● Work instruction:
Word for word, set down the records and skip each picture.

○ ○ ○

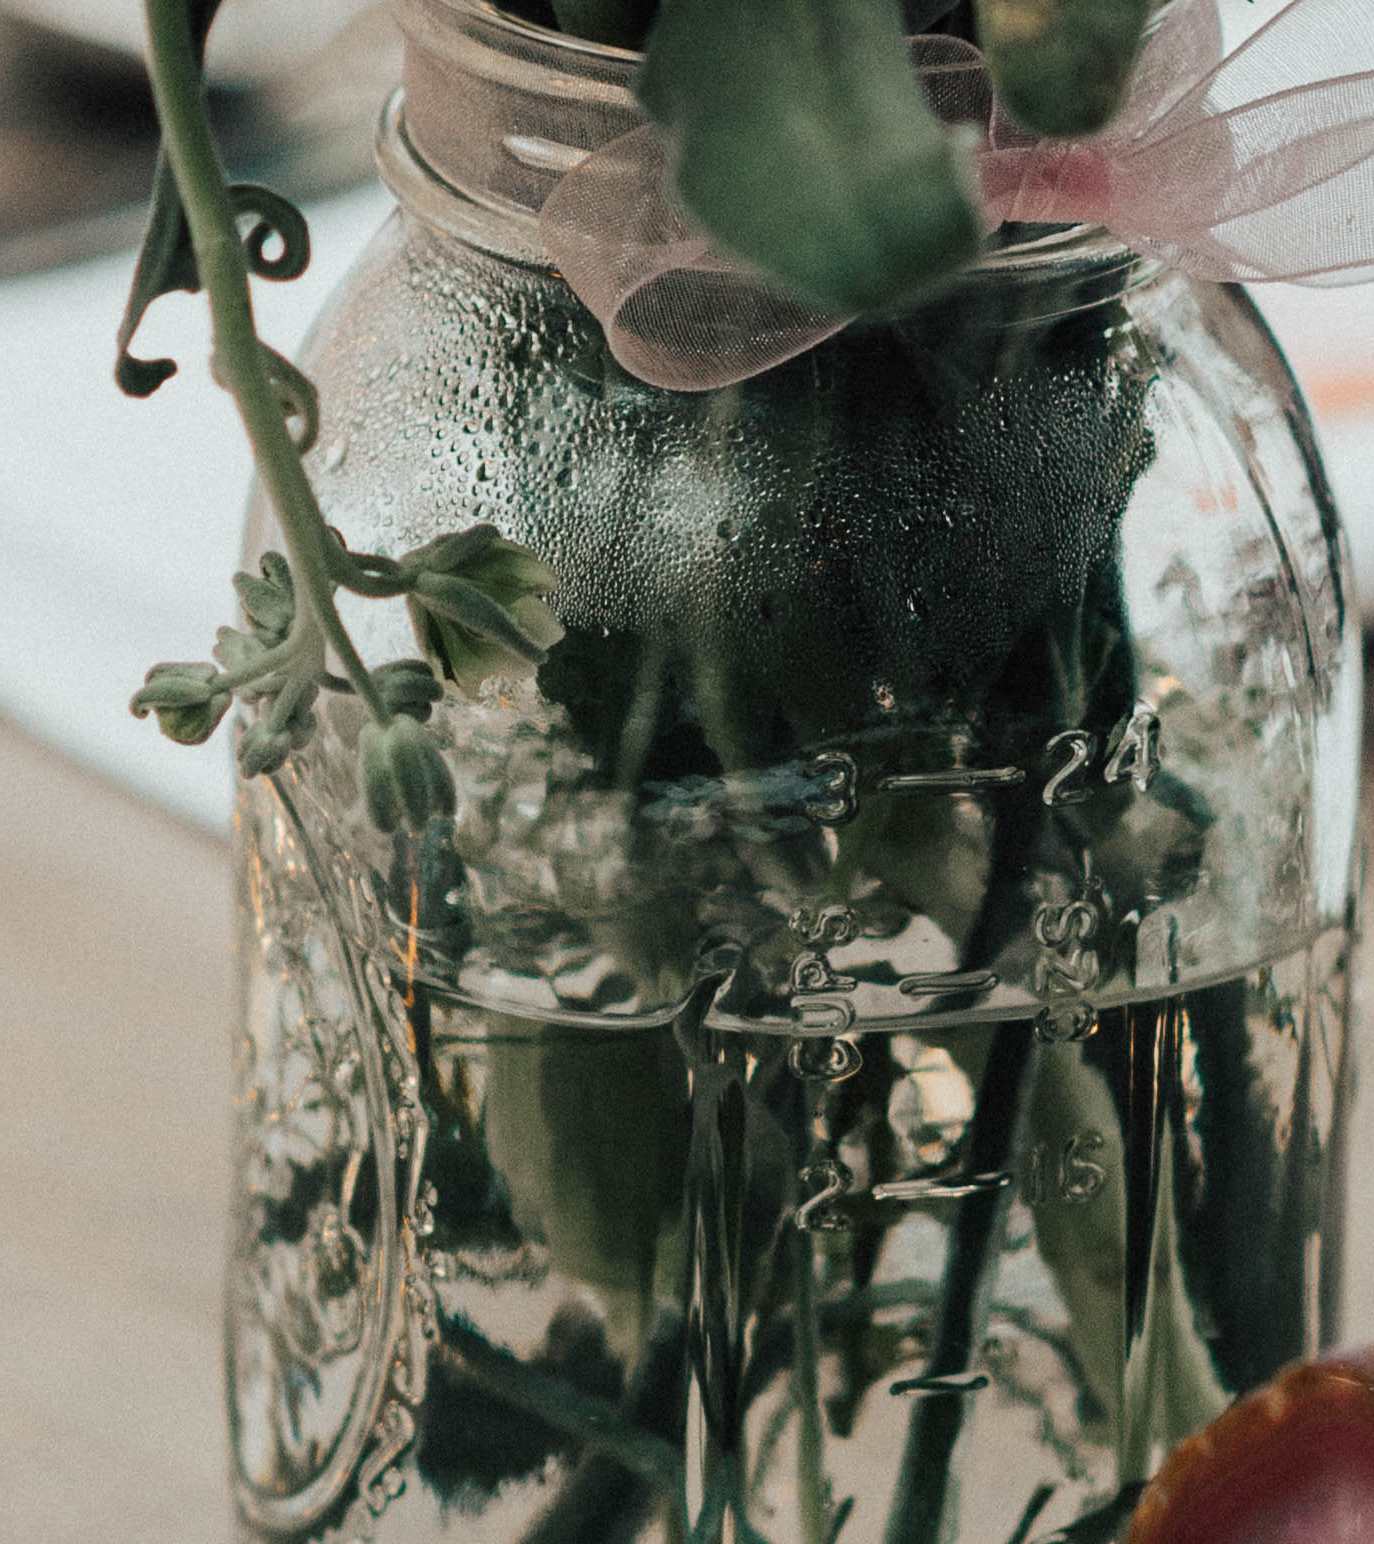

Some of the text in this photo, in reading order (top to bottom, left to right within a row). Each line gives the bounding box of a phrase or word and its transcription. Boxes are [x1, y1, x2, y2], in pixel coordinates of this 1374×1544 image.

[804, 710, 1162, 820] 3 24
[788, 905, 863, 1079] CUPS
[794, 1132, 1106, 1232] 2 16
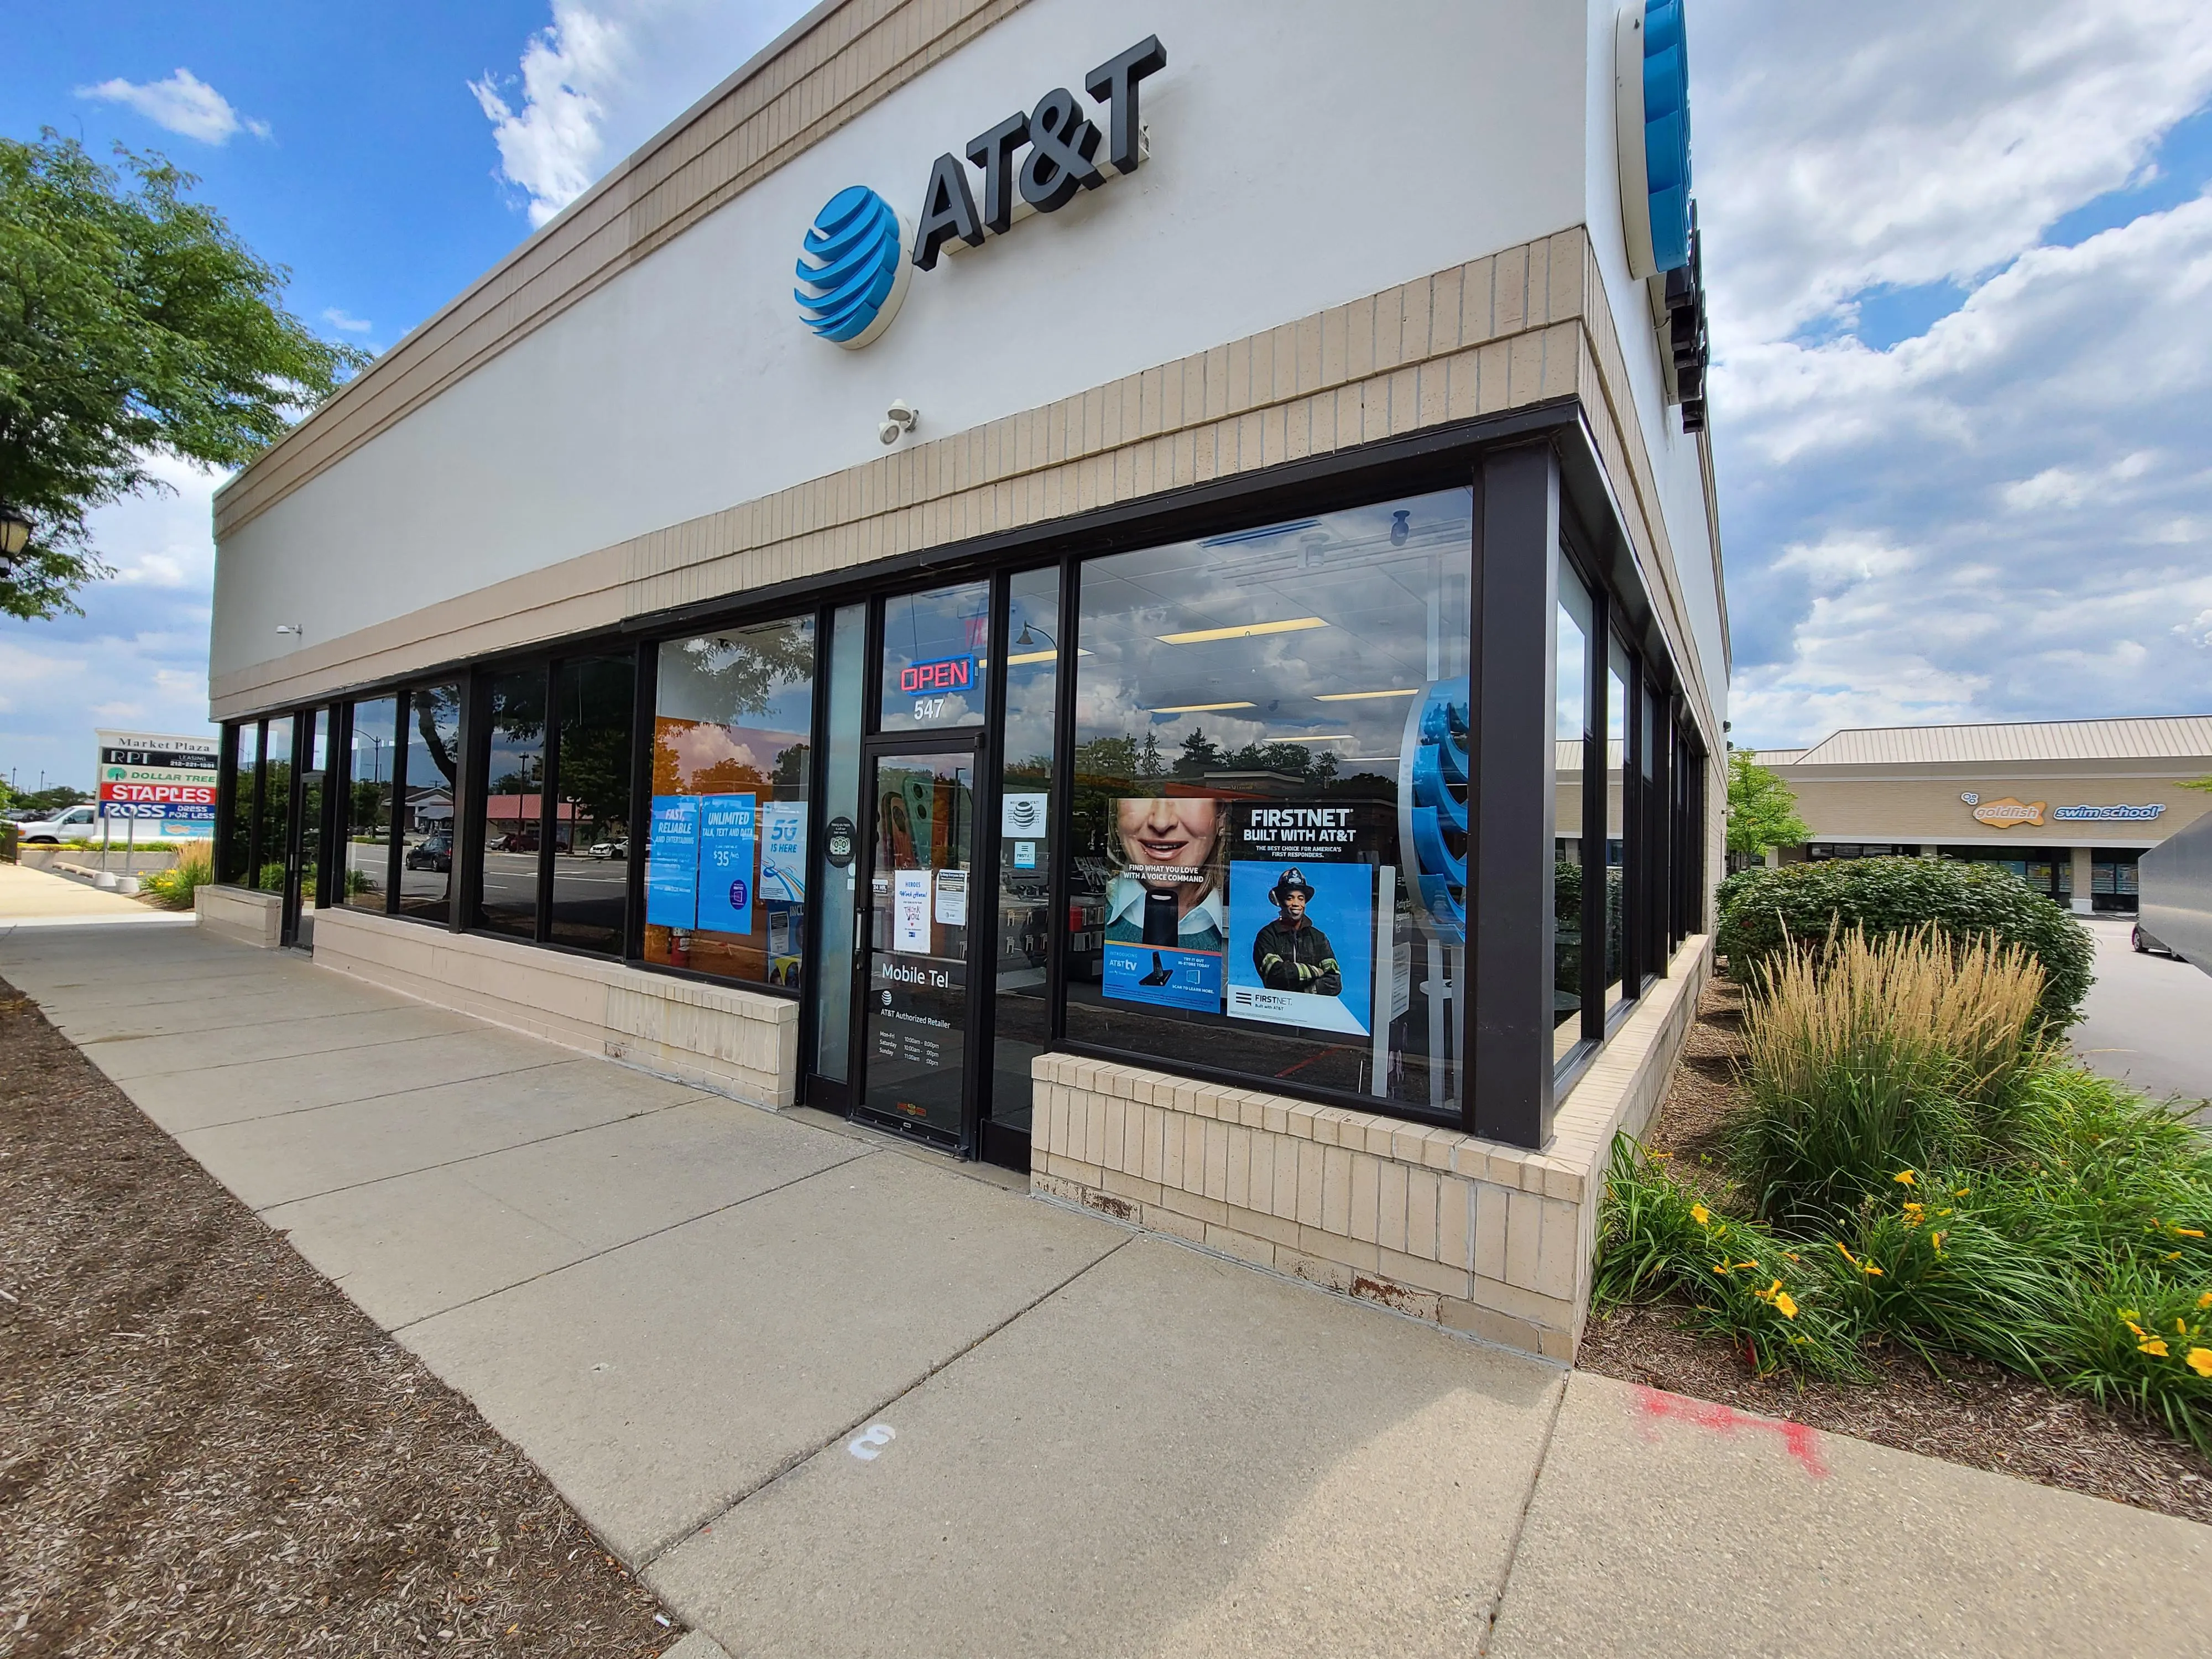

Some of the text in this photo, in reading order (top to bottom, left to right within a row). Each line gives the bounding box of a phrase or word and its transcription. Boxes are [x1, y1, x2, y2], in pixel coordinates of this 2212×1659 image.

[912, 34, 1167, 272] AT&T
[900, 661, 968, 691] OPEN
[914, 698, 944, 720] 547
[118, 738, 210, 752] Market Plaza
[111, 750, 152, 764] RPT
[131, 771, 215, 783] DOLLAR TREE
[112, 785, 211, 803] STAPLES
[105, 803, 166, 817] ROSS
[665, 809, 685, 822] FAST,
[1976, 806, 2039, 819] goldfish
[2054, 805, 2157, 818] swim school
[708, 812, 749, 825] UNLIMITED
[1251, 808, 1350, 827] FIRSTNET
[658, 822, 692, 834] RELIABLE
[702, 828, 753, 838] TALK, TEXT AND DATA
[771, 820, 798, 841] 5G
[1244, 829, 1357, 842] BUILT WITH AT&T
[770, 843, 797, 853] IS HERE
[1168, 874, 1204, 883] COMMAND
[1125, 959, 1137, 971] tv
[882, 963, 949, 988] Mobile Tel
[881, 1009, 951, 1029] AT&T Authorized Retailer
[880, 1039, 897, 1049] Saturday
[879, 1047, 894, 1056] Sunday

○ ○ ○

● Output below:
Some of the text in this photo, in reading order (top to bottom, left to right within a row). Each line gives the bounding box of a phrase or word and its transcription. Boxes are [x1, y1, x2, y2], in pixel coordinates of this 1374×1544 image.

[804, 710, 1162, 820] 3 24
[788, 905, 863, 1079] CUPS
[794, 1132, 1106, 1232] 2 16

Some of the text in this photo, in reading order (top to bottom, left to right within a row). Each line gives the bounding box of a phrase or word and its transcription. Boxes are [x1, y1, x2, y2], in pixel coordinates of this 2212×1659 image.

[912, 34, 1167, 272] AT&T
[900, 661, 968, 691] OPEN
[914, 698, 944, 720] 547
[118, 738, 210, 752] Market Plaza
[111, 750, 152, 764] RPT
[131, 771, 215, 783] DOLLAR TREE
[112, 785, 211, 803] STAPLES
[105, 803, 166, 817] ROSS
[665, 809, 685, 822] FAST,
[1976, 806, 2039, 819] goldfish
[2054, 805, 2157, 818] swim school
[708, 812, 749, 825] UNLIMITED
[1251, 808, 1350, 827] FIRSTNET
[658, 822, 692, 834] RELIABLE
[702, 828, 753, 838] TALK, TEXT AND DATA
[771, 820, 798, 841] 5G
[1244, 829, 1357, 842] BUILT WITH AT&T
[770, 843, 797, 853] IS HERE
[1168, 874, 1204, 883] COMMAND
[1125, 959, 1137, 971] tv
[882, 963, 949, 988] Mobile Tel
[881, 1009, 951, 1029] AT&T Authorized Retailer
[880, 1039, 897, 1049] Saturday
[879, 1047, 894, 1056] Sunday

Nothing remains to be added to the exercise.